Problem statement

Statement 1:

We want to build an interoperable Data Clean Room that operates between multiple data warehouses and make sure that our architecture is trustable.

Statement 2:

We want to build a Data Clean room orchestrator that will orchestrate clean room services with keeping the Publisher-Advertiser use case in mind.

Statement 3: (Implementing this for now)

We want to create a privacy-first data clean room solution where data movements from sources are possible and trustworthy enough for customers to use.

Directly Jump → Link

Background:

What is a Data Clean Room?

A data clean room is a secure environment where organizations can collect data from multiple sources and combine it with their first-party data. Doing so allows marketers to leverage large, aggregated datasets of consumer behavior to provide insight into critical factors like performance, demographics, campaigns, etc.
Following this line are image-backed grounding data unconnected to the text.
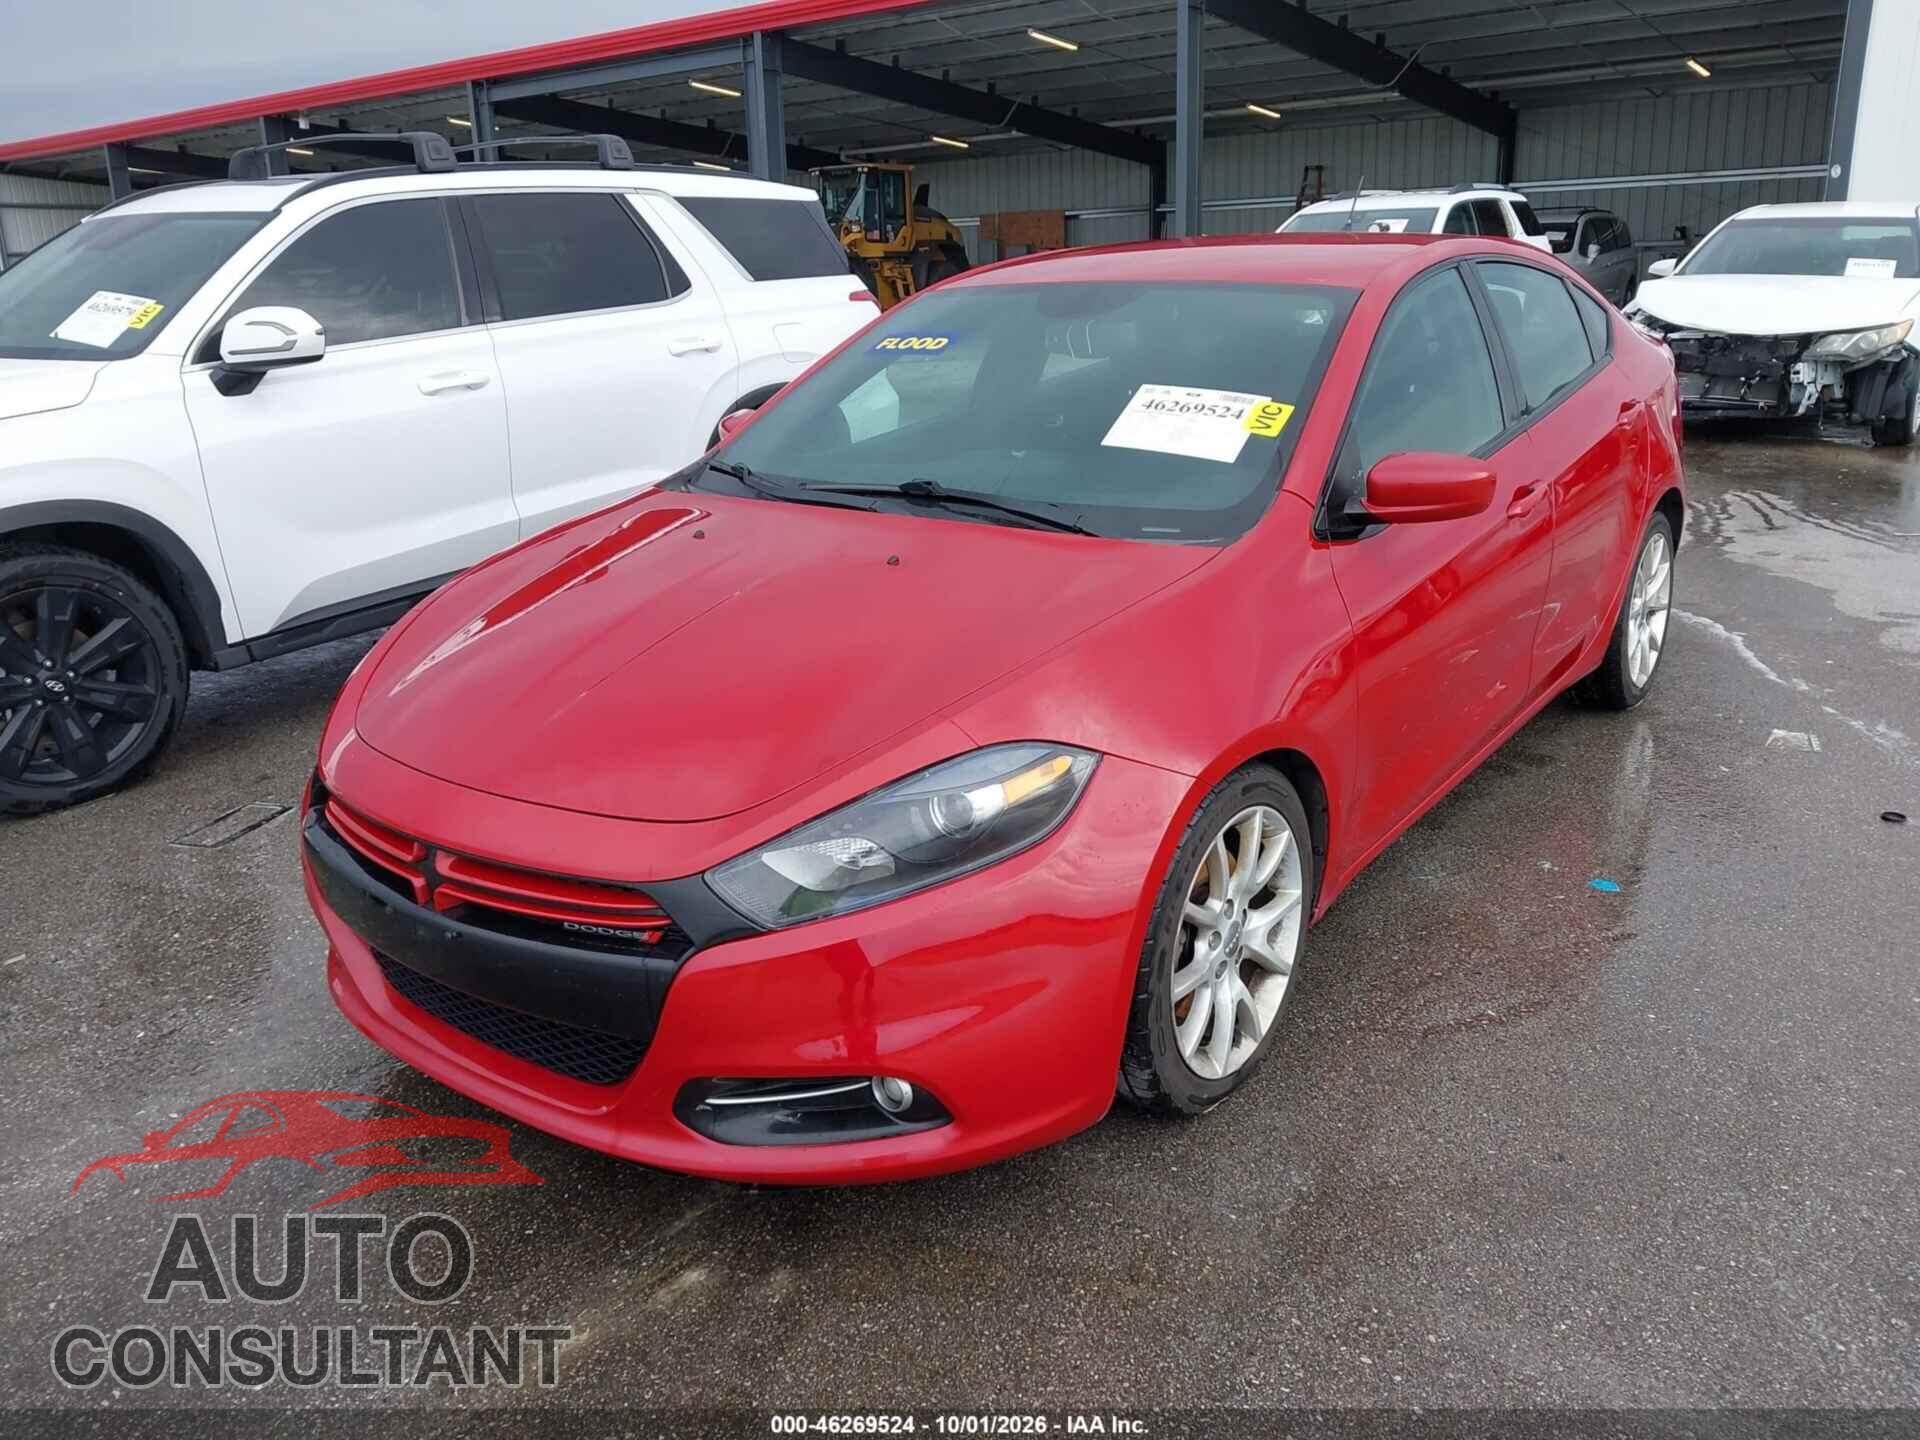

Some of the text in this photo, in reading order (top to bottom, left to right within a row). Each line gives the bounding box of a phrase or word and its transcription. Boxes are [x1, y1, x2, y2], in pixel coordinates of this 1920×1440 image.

[130, 305, 157, 326] VIC
[875, 336, 949, 350] FLOOD
[1141, 398, 1246, 420] 46269524
[1250, 404, 1283, 431] VIC
[563, 921, 645, 940] DODGE
Data clean rooms allow companies to extract value from aggregate datasets sourced from multiple parties while prioritizing user privacy and maintaining strict security measures.

Why do we need Data Clean Rooms?

Data clean rooms allow separate organizations or teams to share and analyze data without compromising data security or privacy. There are several reasons why data clean rooms are needed:

  1. Data security and privacy: Data clean rooms provide a secure and controlled environment for data sharing and analysis, ensuring that sensitive data is protected from unauthorized access or breaches.
  2. Compliance: Data clean rooms can help organizations comply with relevant regulations and standards related to data security, privacy, and governance.